Los momentos indescriptibles de mi vida siendo reflejados a través de tus ojitos de pura luz cristalina, como una ventana que me dejase mirar a los hermosos paisajes y atardeceres que sólo la naturaleza sabe pintar mientras estoy dentro de mi casa tan poco hogar, observando, ensimismado, el lugar en que sé que mi alma es libre, el lugar en el que soy, el lugar que me purifica tanto como el agua a los pensamientos;
sabiendo que ése lugar es mi lugar -y hogar-, allí, fuera de mí, tan dentro de ti, y más aún, porque es dónde por fin me separo de lo que no soy, y somos nosotros, y nuestras almas se fraguan en un blanco destello incandescente, quemándose toda aquella oscuridad que podría hacernos titubear y convirtiéndose luego en tierra fértil para el cultivo de la vida. Sí mi vida, esa vida que se genera cuando se unen materia con amor, esa vida que inunda cada rincón de mi ser cuando yo me uno a ti amor, a ti, a la belleza encarnada en delicadeza de mujer.

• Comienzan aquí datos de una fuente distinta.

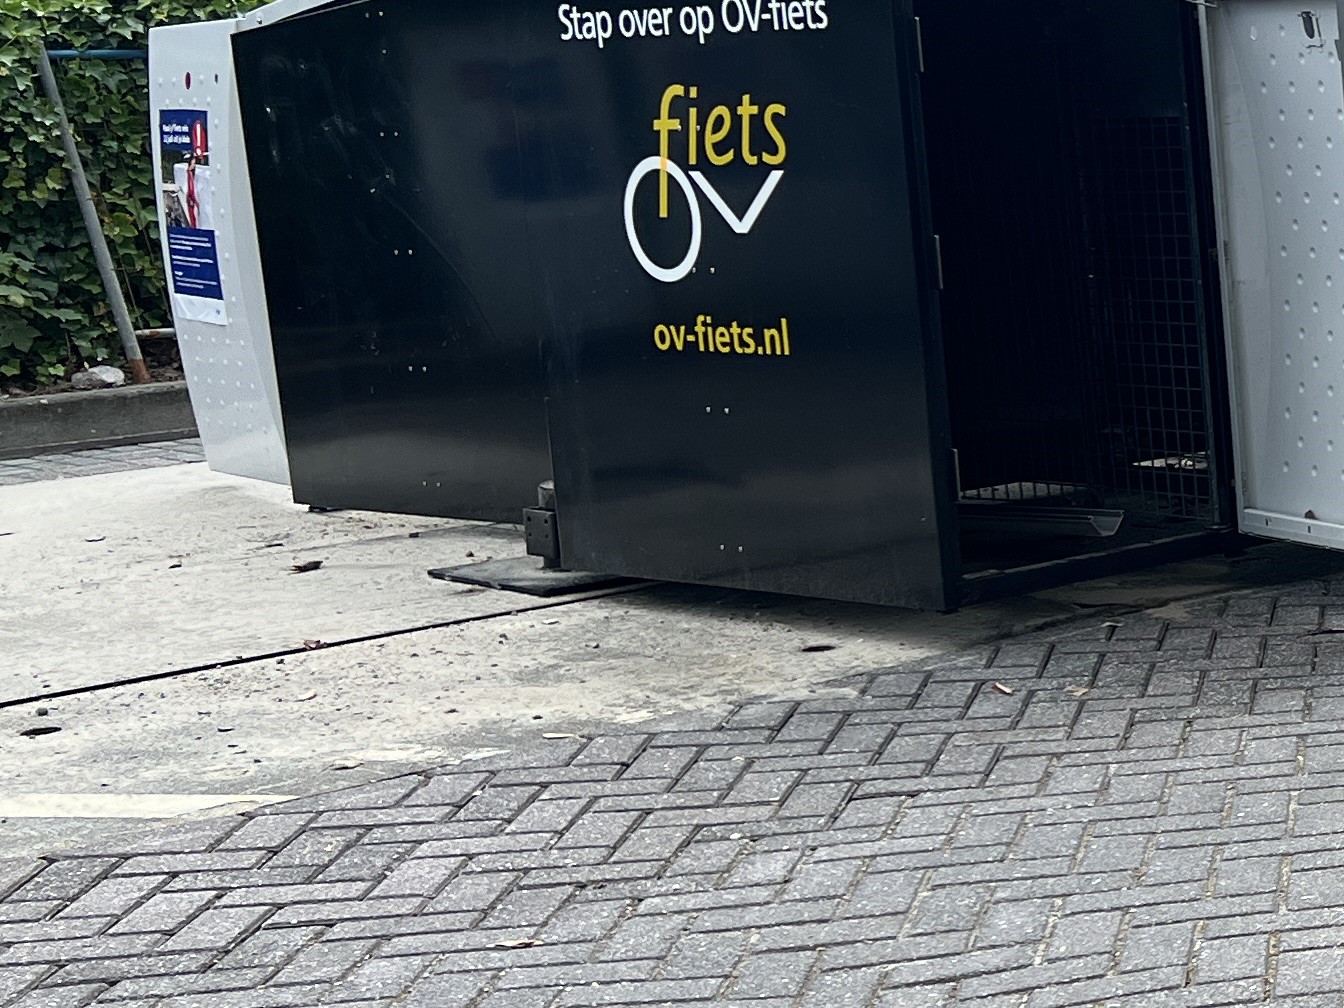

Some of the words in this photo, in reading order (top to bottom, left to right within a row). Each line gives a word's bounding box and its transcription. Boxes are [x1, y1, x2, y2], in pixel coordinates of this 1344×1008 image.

Por más que busque en el diccionario no encontraré palabra precisa que describa lo que veo cuando miro a través de tus ojitos, por más que intente retratarlo en pinturas líricas habrá un detalle que se me escapará, porque eres más que palabras, más que obras de arte, más que melodías sublimes; eres tú, la persona que amo, la persona que tiene la capacidad de matarme en las formas más sutiles para luego hacerme revivir de la manera más hermosa en la suavidad de sus brazos, de su pecho y de su alma. En ti reside todo lo que yo más he querido y aún más que eso; pues eres mi esperanza, mi felicidad, mi ánima, mi belleza, mi flor en el camino, mi ternura, mi vida llena de vida y mi eterna libertad, pero por sobre todo, eres mi compañera incondicional, eres mi Fran.